(What you should do) Write out the entries once more, exactly as they appear.

Saved entries

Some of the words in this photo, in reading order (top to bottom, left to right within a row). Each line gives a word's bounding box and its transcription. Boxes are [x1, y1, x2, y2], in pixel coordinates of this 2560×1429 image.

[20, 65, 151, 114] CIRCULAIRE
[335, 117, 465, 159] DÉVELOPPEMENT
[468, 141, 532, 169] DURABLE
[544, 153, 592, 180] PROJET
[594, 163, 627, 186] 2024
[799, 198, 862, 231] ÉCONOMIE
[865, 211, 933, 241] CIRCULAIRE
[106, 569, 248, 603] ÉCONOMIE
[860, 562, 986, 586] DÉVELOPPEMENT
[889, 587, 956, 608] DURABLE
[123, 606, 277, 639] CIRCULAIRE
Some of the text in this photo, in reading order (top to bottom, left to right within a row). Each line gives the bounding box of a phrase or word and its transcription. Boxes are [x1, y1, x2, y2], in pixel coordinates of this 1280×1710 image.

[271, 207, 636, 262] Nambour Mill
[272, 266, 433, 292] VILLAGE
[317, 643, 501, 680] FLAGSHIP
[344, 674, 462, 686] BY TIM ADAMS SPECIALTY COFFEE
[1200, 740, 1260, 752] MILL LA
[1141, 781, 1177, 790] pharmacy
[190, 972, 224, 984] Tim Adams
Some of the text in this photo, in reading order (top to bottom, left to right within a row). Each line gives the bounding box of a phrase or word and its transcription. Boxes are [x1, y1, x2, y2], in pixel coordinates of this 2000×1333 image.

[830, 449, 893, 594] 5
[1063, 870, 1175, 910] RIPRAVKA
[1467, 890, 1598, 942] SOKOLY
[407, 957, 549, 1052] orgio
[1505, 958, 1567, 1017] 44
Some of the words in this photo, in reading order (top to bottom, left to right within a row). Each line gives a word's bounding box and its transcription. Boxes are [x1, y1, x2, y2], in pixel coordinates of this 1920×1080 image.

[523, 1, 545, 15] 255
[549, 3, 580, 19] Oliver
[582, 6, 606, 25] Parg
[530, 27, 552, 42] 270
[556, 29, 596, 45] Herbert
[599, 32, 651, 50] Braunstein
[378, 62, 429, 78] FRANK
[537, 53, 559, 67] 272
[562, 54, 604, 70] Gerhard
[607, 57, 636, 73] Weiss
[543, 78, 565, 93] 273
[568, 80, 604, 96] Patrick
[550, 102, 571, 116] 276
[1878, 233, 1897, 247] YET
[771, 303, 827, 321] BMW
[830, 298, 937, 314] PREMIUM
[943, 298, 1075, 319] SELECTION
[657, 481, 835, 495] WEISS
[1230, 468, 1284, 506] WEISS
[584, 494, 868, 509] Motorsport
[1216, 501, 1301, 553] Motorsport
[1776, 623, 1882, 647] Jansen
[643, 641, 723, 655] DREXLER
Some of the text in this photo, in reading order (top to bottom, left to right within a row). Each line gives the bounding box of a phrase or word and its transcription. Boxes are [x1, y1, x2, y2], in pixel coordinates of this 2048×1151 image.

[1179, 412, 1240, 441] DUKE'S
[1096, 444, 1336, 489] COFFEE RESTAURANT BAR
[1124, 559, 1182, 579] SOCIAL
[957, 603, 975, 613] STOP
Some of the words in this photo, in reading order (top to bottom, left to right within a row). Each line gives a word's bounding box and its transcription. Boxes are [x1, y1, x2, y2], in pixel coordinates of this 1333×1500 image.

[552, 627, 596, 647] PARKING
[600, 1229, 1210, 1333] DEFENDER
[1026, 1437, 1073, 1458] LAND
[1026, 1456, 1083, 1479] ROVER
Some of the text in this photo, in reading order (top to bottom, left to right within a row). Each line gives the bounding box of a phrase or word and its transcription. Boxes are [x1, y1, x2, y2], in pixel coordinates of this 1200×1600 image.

(Output of the exercise)
Some of the words in this photo, in reading order (top to bottom, left to right within a row). Each line gives a word's bounding box and its transcription. Boxes are [x1, y1, x2, y2], in pixel coordinates of this 2560×1429 image.

[20, 65, 151, 114] CIRCULAIRE
[335, 117, 465, 159] DÉVELOPPEMENT
[468, 141, 532, 169] DURABLE
[544, 153, 592, 180] PROJET
[594, 163, 627, 186] 2024
[799, 198, 862, 231] ÉCONOMIE
[865, 211, 933, 241] CIRCULAIRE
[106, 569, 248, 603] ÉCONOMIE
[860, 562, 986, 586] DÉVELOPPEMENT
[889, 587, 956, 608] DURABLE
[123, 606, 277, 639] CIRCULAIRE
Some of the text in this photo, in reading order (top to bottom, left to right within a row). Each line gives the bounding box of a phrase or word and its transcription. Boxes are [x1, y1, x2, y2], in pixel coordinates of this 1280×1710 image.

[271, 207, 636, 262] Nambour Mill
[272, 266, 433, 292] VILLAGE
[317, 643, 501, 680] FLAGSHIP
[344, 674, 462, 686] BY TIM ADAMS SPECIALTY COFFEE
[1200, 740, 1260, 752] MILL LA
[1141, 781, 1177, 790] pharmacy
[190, 972, 224, 984] Tim Adams
Some of the text in this photo, in reading order (top to bottom, left to right within a row). Each line gives the bounding box of a phrase or word and its transcription. Boxes are [x1, y1, x2, y2], in pixel coordinates of this 2000×1333 image.

[830, 449, 893, 594] 5
[1063, 870, 1175, 910] RIPRAVKA
[1467, 890, 1598, 942] SOKOLY
[407, 957, 549, 1052] orgio
[1505, 958, 1567, 1017] 44
Some of the words in this photo, in reading order (top to bottom, left to right within a row). Each line gives a word's bounding box and its transcription. Boxes are [x1, y1, x2, y2], in pixel coordinates of this 1920×1080 image.

[523, 1, 545, 15] 255
[549, 3, 580, 19] Oliver
[582, 6, 606, 25] Parg
[530, 27, 552, 42] 270
[556, 29, 596, 45] Herbert
[599, 32, 651, 50] Braunstein
[378, 62, 429, 78] FRANK
[537, 53, 559, 67] 272
[562, 54, 604, 70] Gerhard
[607, 57, 636, 73] Weiss
[543, 78, 565, 93] 273
[568, 80, 604, 96] Patrick
[550, 102, 571, 116] 276
[1878, 233, 1897, 247] YET
[771, 303, 827, 321] BMW
[830, 298, 937, 314] PREMIUM
[943, 298, 1075, 319] SELECTION
[657, 481, 835, 495] WEISS
[1230, 468, 1284, 506] WEISS
[584, 494, 868, 509] Motorsport
[1216, 501, 1301, 553] Motorsport
[1776, 623, 1882, 647] Jansen
[643, 641, 723, 655] DREXLER
Some of the text in this photo, in reading order (top to bottom, left to right within a row). Each line gives the bounding box of a phrase or word and its transcription. Boxes are [x1, y1, x2, y2], in pixel coordinates of this 2048×1151 image.

[1179, 412, 1240, 441] DUKE'S
[1096, 444, 1336, 489] COFFEE RESTAURANT BAR
[1124, 559, 1182, 579] SOCIAL
[957, 603, 975, 613] STOP
Some of the words in this photo, in reading order (top to bottom, left to right within a row). Each line gives a word's bounding box and its transcription. Boxes are [x1, y1, x2, y2], in pixel coordinates of this 1333×1500 image.

[552, 627, 596, 647] PARKING
[600, 1229, 1210, 1333] DEFENDER
[1026, 1437, 1073, 1458] LAND
[1026, 1456, 1083, 1479] ROVER
Some of the text in this photo, in reading order (top to bottom, left to right within a row). Each line gives the bounding box of a phrase or word and its transcription. Boxes are [x1, y1, x2, y2], in pixel coordinates of this 1200×1600 image.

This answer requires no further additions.